Mais je vais arrêter de t’emmerder avec mes souvenirs à la con. Et je vais arrêter de t’affirmer qu’il n’y a rien à foutre à Lyon (et partout en France) pendant les mois de juillet-août, mis à part agiter des symboles nationaux et guerriers dans des stades ou polluer les zones touristiques. Par exemple il semble bien que le Grrrnd Zero commence à entrevoir le bout du tunnel en ce qui concerne ses démêlés politico-administratifs – pour mémoire et rappel des faits : www.lezebre.info/grrrnd-zero.html. Mais on n’est jamais sûr de rien, ici comme ailleurs. Et le collectif a donc décidé d’organiser un grand concert de soutien le samedi 2 aout, afin de mettre un peu plus de chances de son côté et surtout pour ramasser davantage de sous pour pouvoir continuer les travaux dans ses nouveaux locaux de l’avenue de Bohlen, à Vaulx-en-Velin. A l’heure où tu liras ces lignes, la programmation de cet évènement n’est pas encore connue ni dévoilée mais tu peux d’ores et déjà commencer à te tenir au courant et réserver ta place en consultant le site de Grrrnd Zero, ici : www.grrrndzero.org.
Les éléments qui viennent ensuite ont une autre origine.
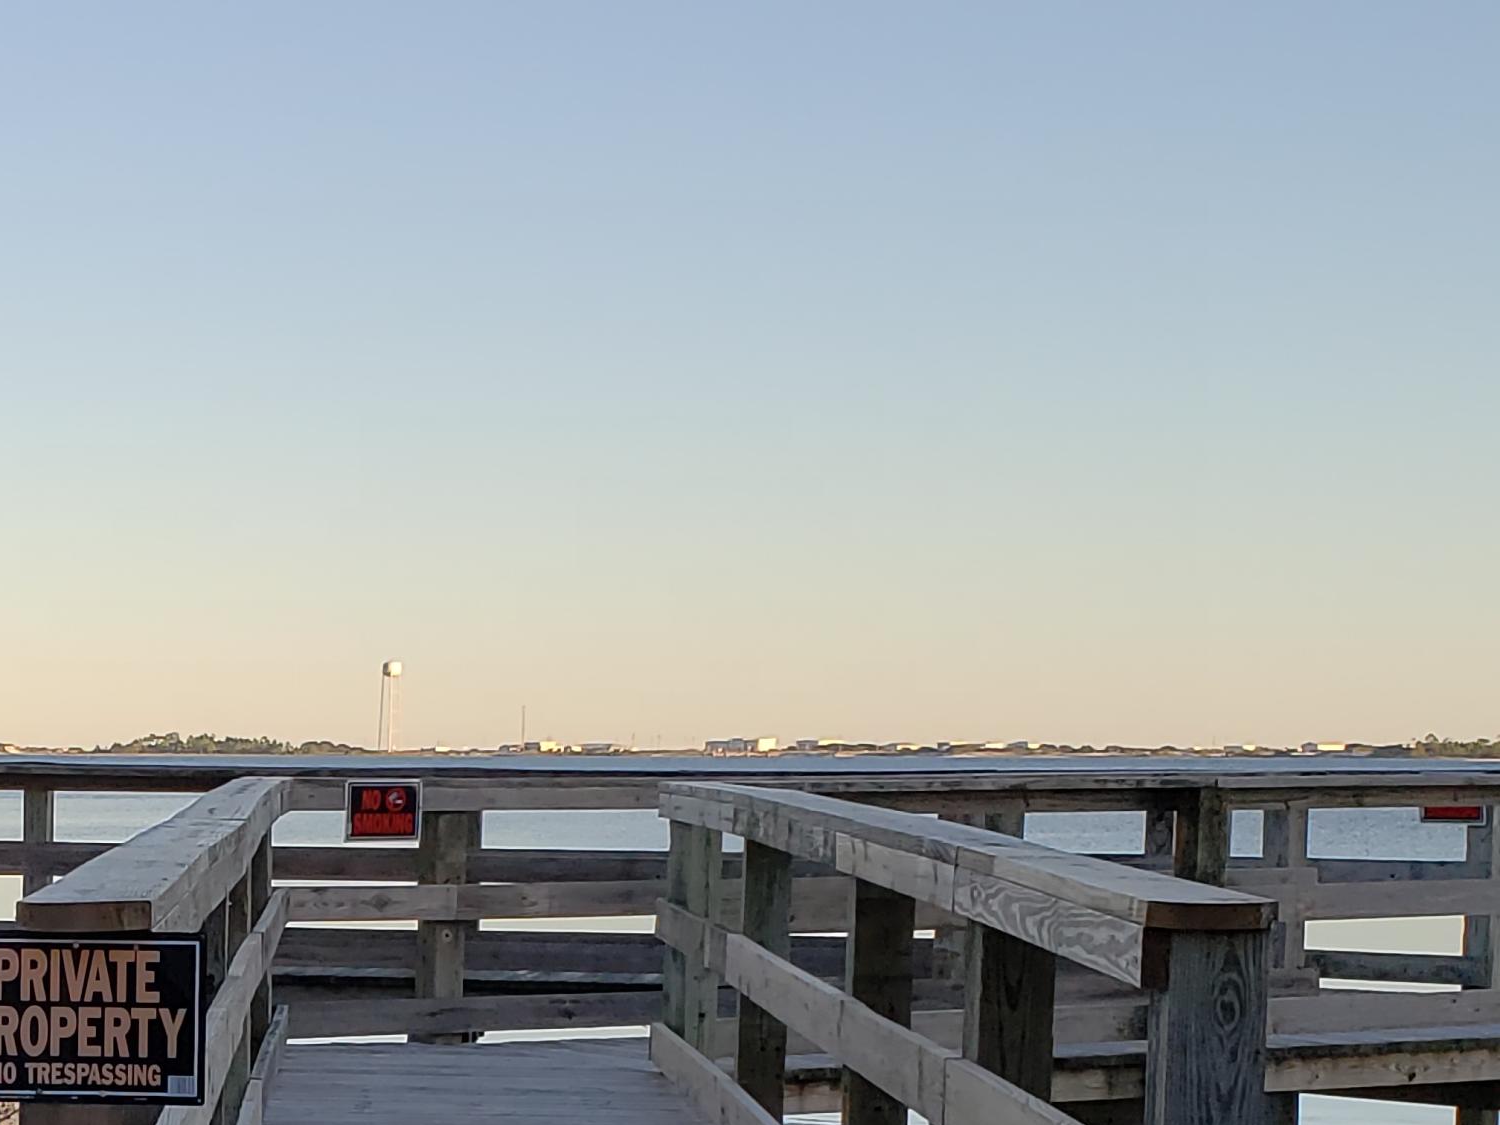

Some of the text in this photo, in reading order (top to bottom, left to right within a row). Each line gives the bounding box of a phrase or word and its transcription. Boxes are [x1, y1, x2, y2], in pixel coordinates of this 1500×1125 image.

[362, 789, 380, 810] NO
[353, 813, 413, 834] SMOKING
[24, 1062, 162, 1086] TRESPASSING
Enfin, je ne résiste pas à l’envie de te parler de ce qui, à mes yeux, représente ce qu’un festival de musique devrait toujours être : je veux parler du Freakshow à Gigors dans la Drôme (pas très loin de Crest) et dont l’édition 2014 se déroulera les 29 et 30 aout. Du bon esprit (le site internet du festival précise : « merci de laisser vos chiens et vos hippies à la maison : tout véhicule contenant des chiens se verra refuser l’entrée sur le site ») ; un cadre idyllique avec une capacité d’accueil à échelle humaine et loin des formats consuméristes et industriels de la plupart des rassemblements estivaux ; des tarifs presque raisonnables c’est-à-dire 20 €uros par soir et 35 pour les deux jours, camping gratuit…) ; et surtout une programmation intelligente c’est-à-dire riche, variée, culottée mais pas bégueule. Les adeptes du pointu et d’un bon goût certain seront ravis avec des noms tels que Jessica93, Daikiri, Pord, Headwar, Ten Volt Shock, Movie Star Junkies et Coilguns. Et même les hipsters pourront y trouver leur compte avec la venue de Black Bug, The Horrorist, T.I.T.S, The Intelligence et surtout Thee Oh Sees, le « meilleur groupe du monde » de John Dwyer. Et comme je ne suis pas du genre rancunier, je te signale qu’il y aura également des DJ sets dont celui de l’équipe de Tous En Tong, association de malfaiteurs qui malgré un nom ridiculement estival – voir ci-dessus – réunit une belle brochette d’éternels adolescents prêts à en découdre. Toutes les infos pratiques et utiles sont à retrouver sur le site du festival : www.freakshow-festival.com.
Je te souhaite malgré tout un bon été, et peut-être que l’on se retrouvera à la rentrée pour reparler de lutte des classes et d’obscurantisme musical.